Dataset entries:
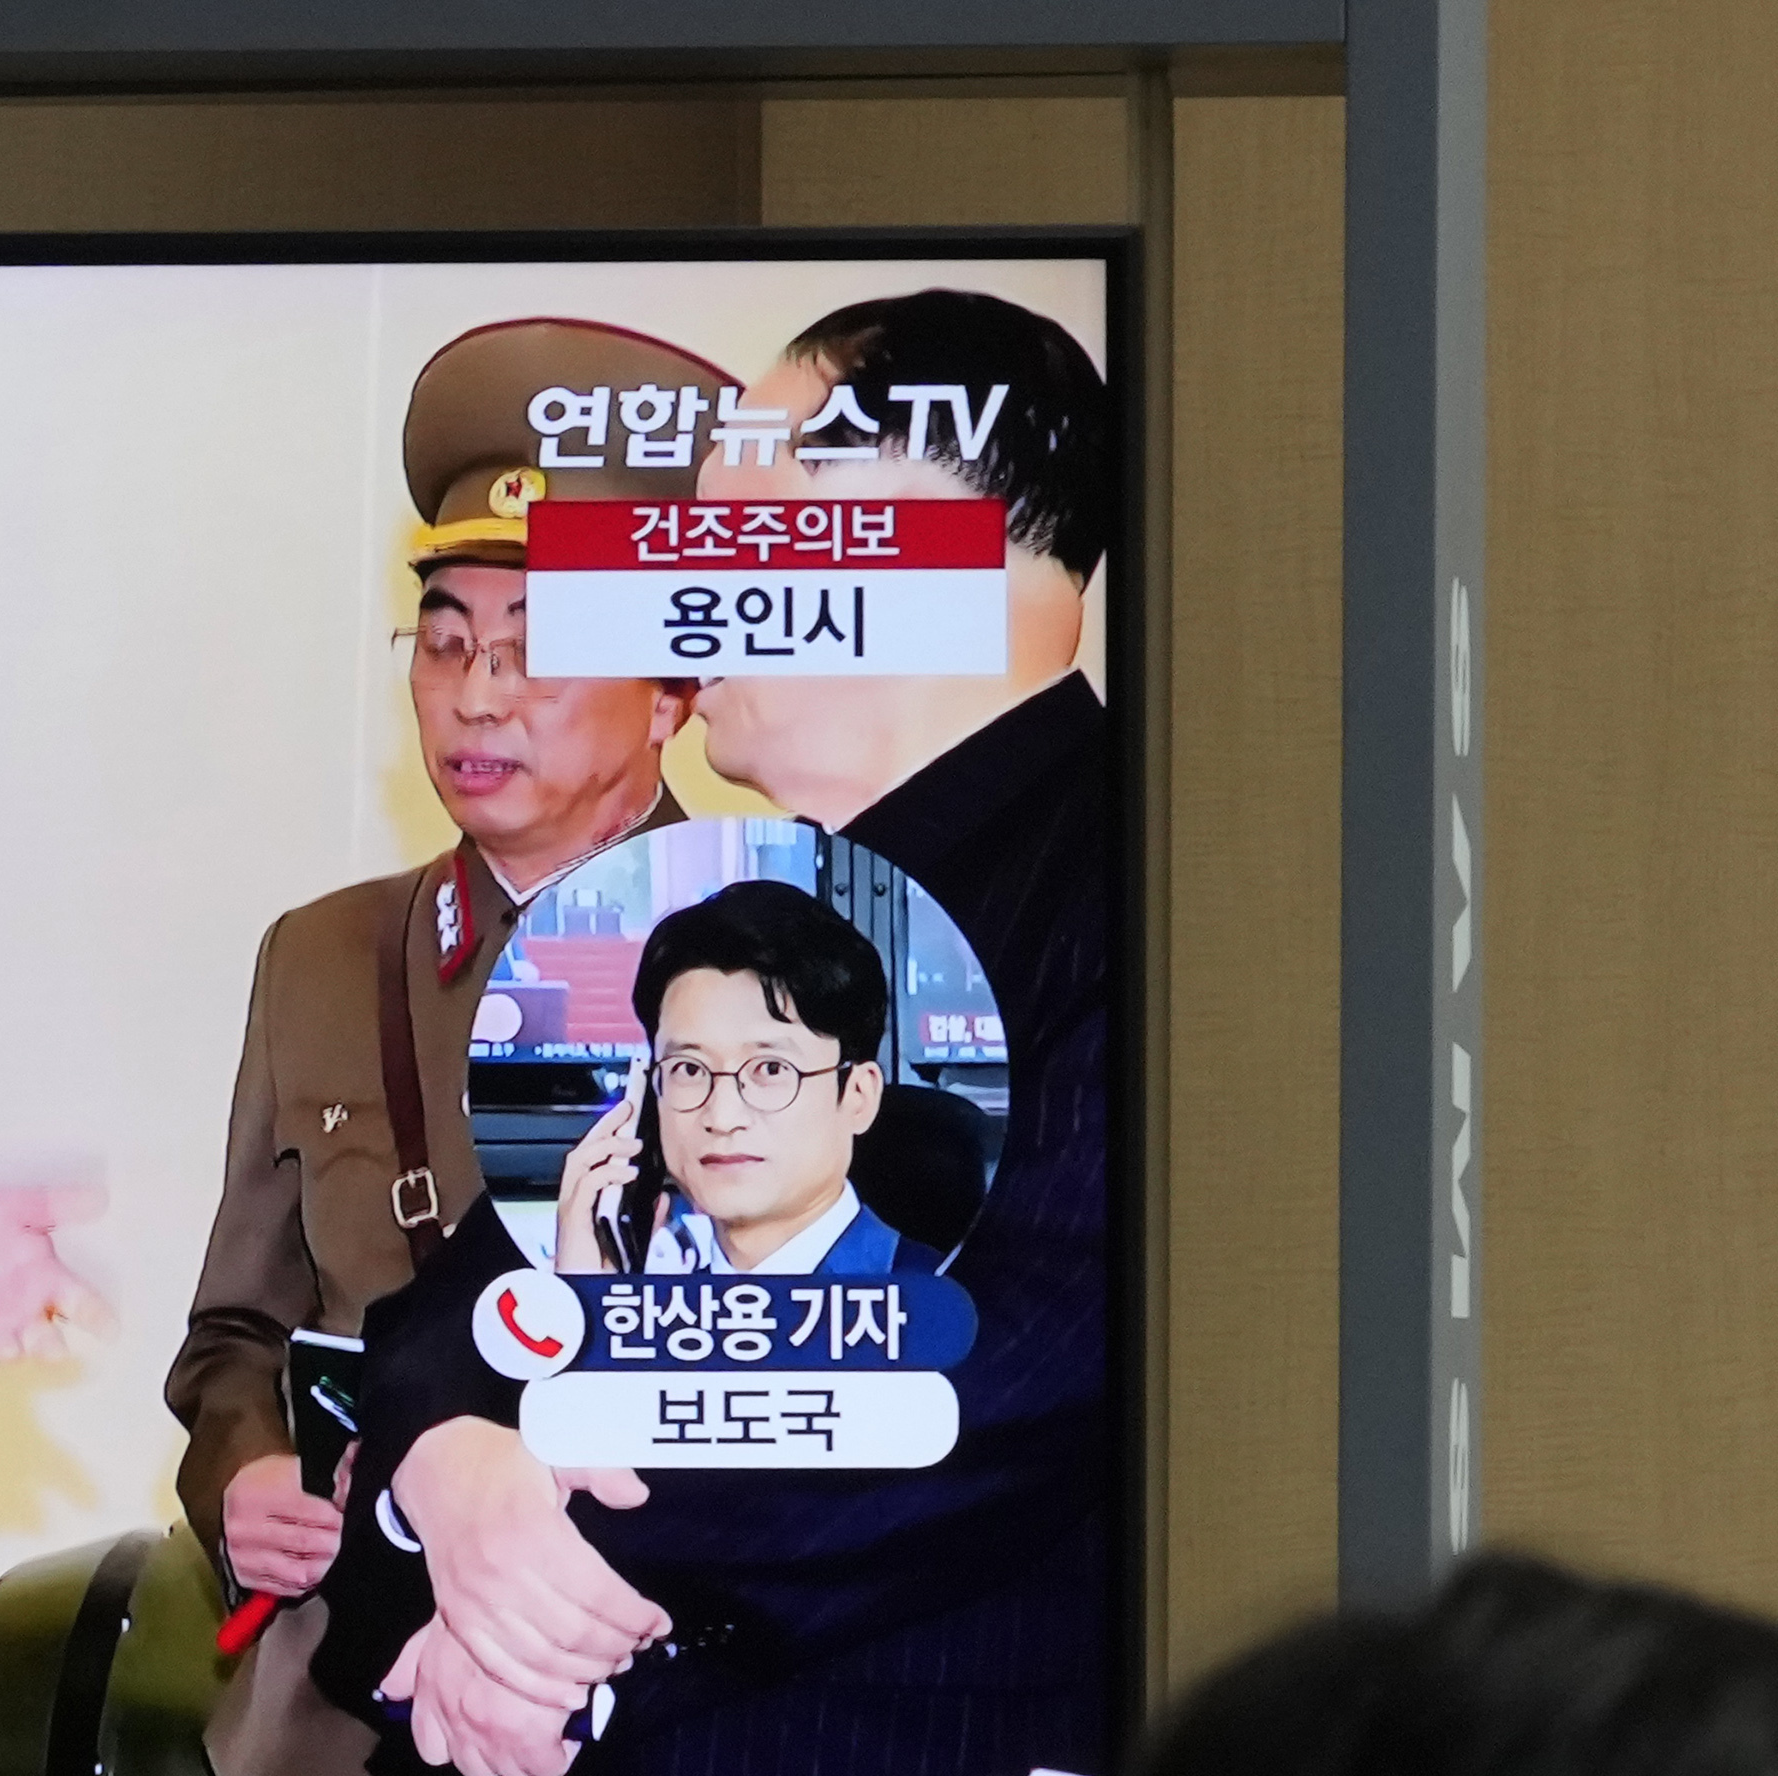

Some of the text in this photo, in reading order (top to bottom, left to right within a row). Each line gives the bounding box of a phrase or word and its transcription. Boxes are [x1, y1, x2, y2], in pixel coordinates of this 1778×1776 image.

[527, 383, 1010, 469] 연합뉴스TV
[630, 504, 901, 563] 건조주의보
[663, 586, 865, 659] 용인시
[601, 1284, 907, 1361] 한상용 기자
[652, 1389, 842, 1452] 보도국
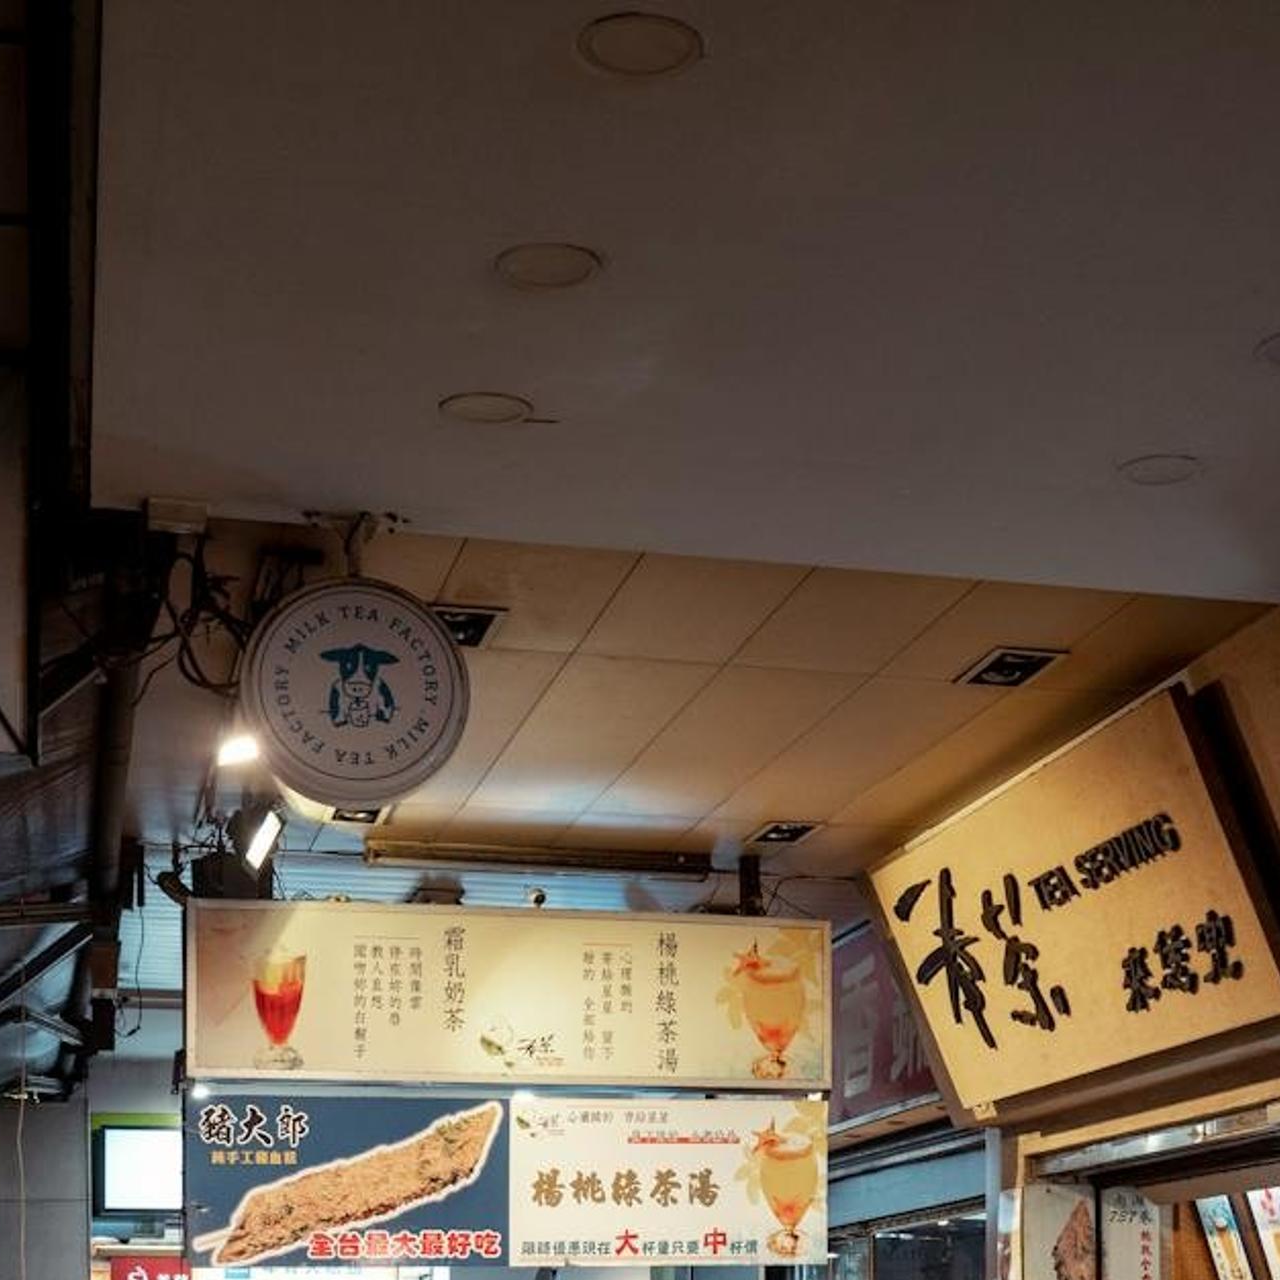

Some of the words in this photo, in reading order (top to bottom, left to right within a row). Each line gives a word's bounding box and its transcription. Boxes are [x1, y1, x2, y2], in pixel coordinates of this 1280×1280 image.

[286, 612, 330, 654] MILK
[337, 604, 379, 622] TEA
[388, 617, 439, 707] FACTORY
[274, 665, 323, 755] FACTORY
[334, 749, 376, 765] TEA
[385, 717, 430, 761] MILK
[1028, 865, 1081, 911] TEA
[1074, 813, 1182, 890] SERVING
[655, 932, 679, 1073] 楊桃綠茶湯
[200, 1104, 309, 1146] 豬大郎
[531, 1167, 721, 1208] 楊桃綠茶湯
[309, 1231, 501, 1258] 全台最大最好吃
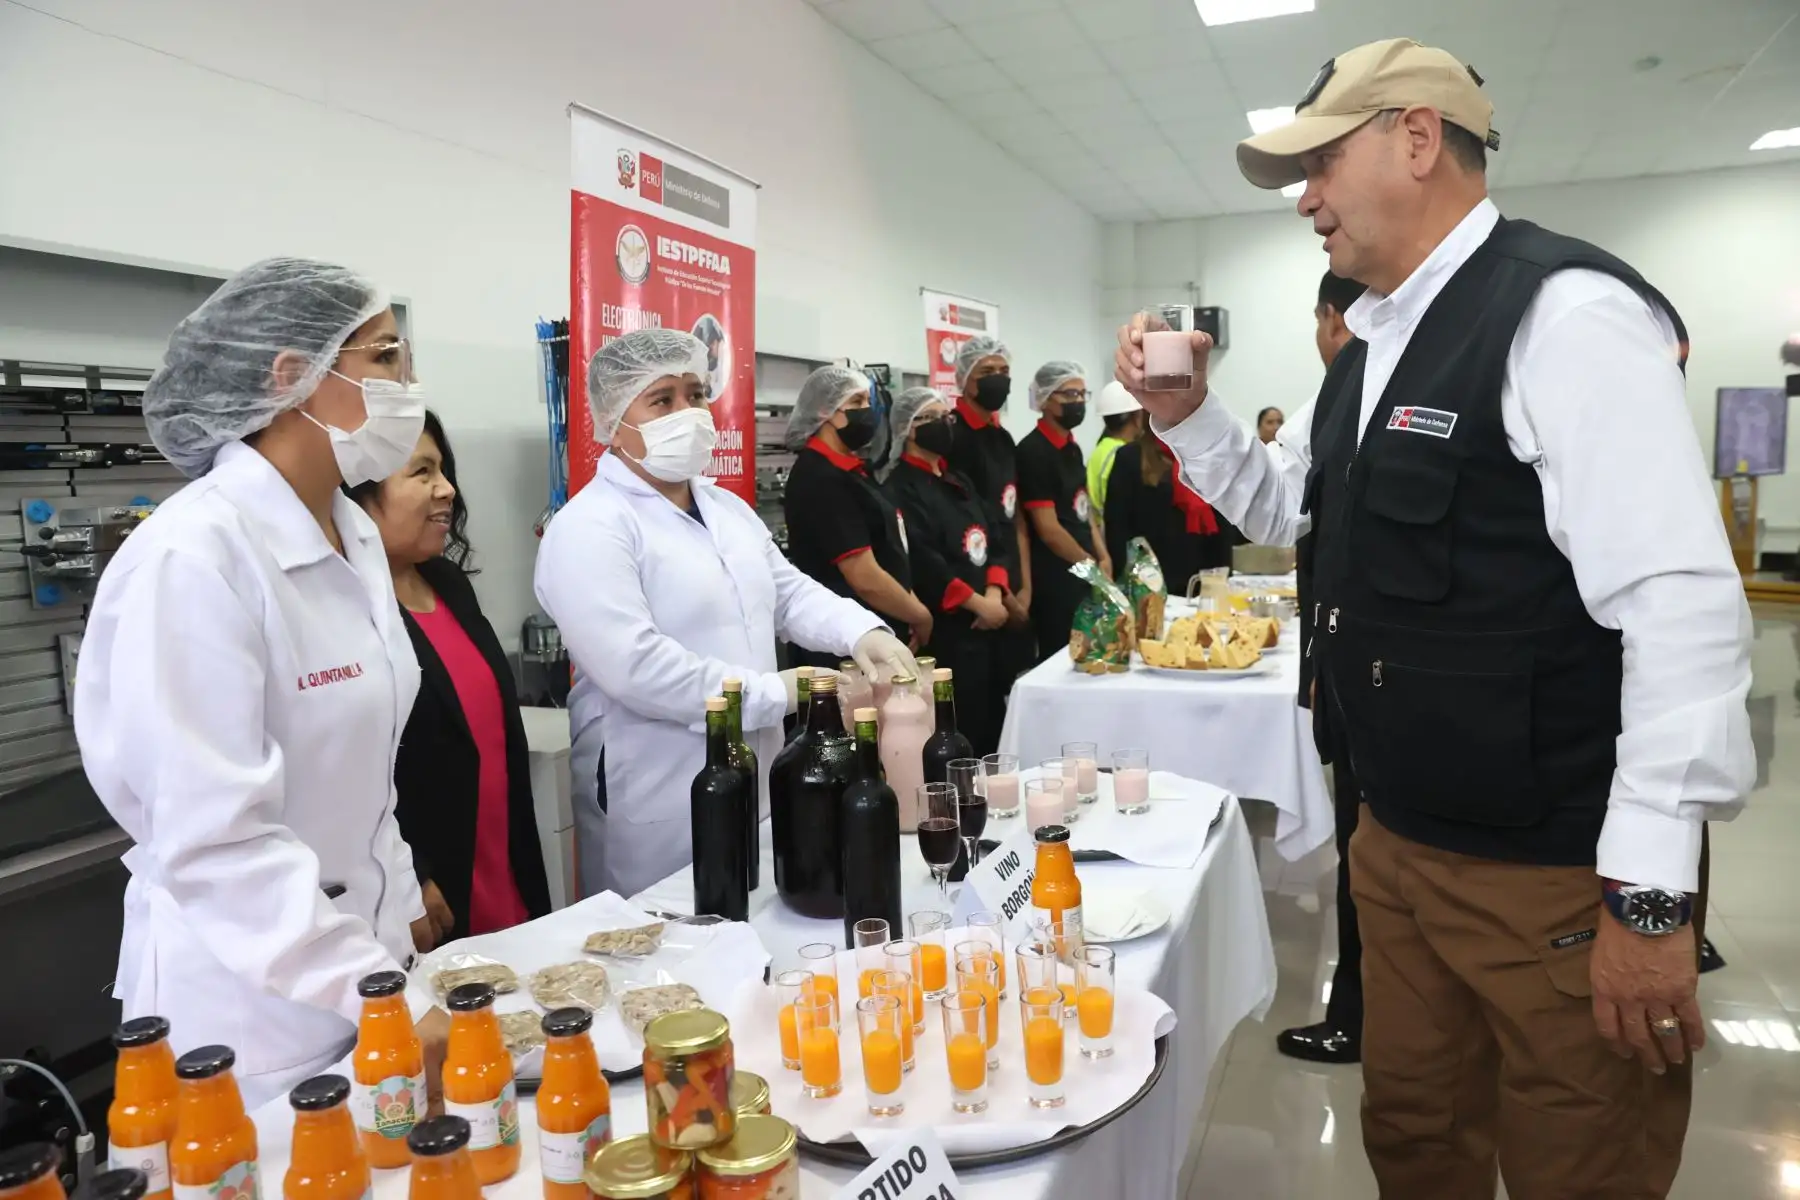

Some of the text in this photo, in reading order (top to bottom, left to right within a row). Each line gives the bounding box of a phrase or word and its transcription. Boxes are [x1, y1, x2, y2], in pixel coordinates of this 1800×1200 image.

[642, 169, 660, 188] PERÚ
[656, 235, 732, 276] IESTPFFAA
[602, 303, 663, 331] ELECTRÓNICA
[714, 427, 742, 450] ACIÓN
[307, 662, 364, 688] QUINTANILLA
[994, 850, 1020, 882] VINO

Task goal: Reproduce word for word the lines running from the line with "Some of the words" through the end of the data, both included, and nothing else; leave out the pictures.

Response:
Some of the words in this photo, in reading order (top to bottom, left to right within a row). Each line gives a word's bounding box and its transcription. Boxes are [x1, y1, x2, y2], in pixel coordinates of this 1280×1280 image.

[286, 612, 330, 654] MILK
[337, 604, 379, 622] TEA
[388, 617, 439, 707] FACTORY
[274, 665, 323, 755] FACTORY
[334, 749, 376, 765] TEA
[385, 717, 430, 761] MILK
[1028, 865, 1081, 911] TEA
[1074, 813, 1182, 890] SERVING
[655, 932, 679, 1073] 楊桃綠茶湯
[200, 1104, 309, 1146] 豬大郎
[531, 1167, 721, 1208] 楊桃綠茶湯
[309, 1231, 501, 1258] 全台最大最好吃

Some of the text in this photo, in reading order (top to bottom, left to right within a row). Each line gives the bounding box of a phrase or word and its transcription. Boxes are [x1, y1, x2, y2], in pixel coordinates of this 1800×1200 image.

[642, 169, 660, 188] PERÚ
[656, 235, 732, 276] IESTPFFAA
[602, 303, 663, 331] ELECTRÓNICA
[714, 427, 742, 450] ACIÓN
[307, 662, 364, 688] QUINTANILLA
[994, 850, 1020, 882] VINO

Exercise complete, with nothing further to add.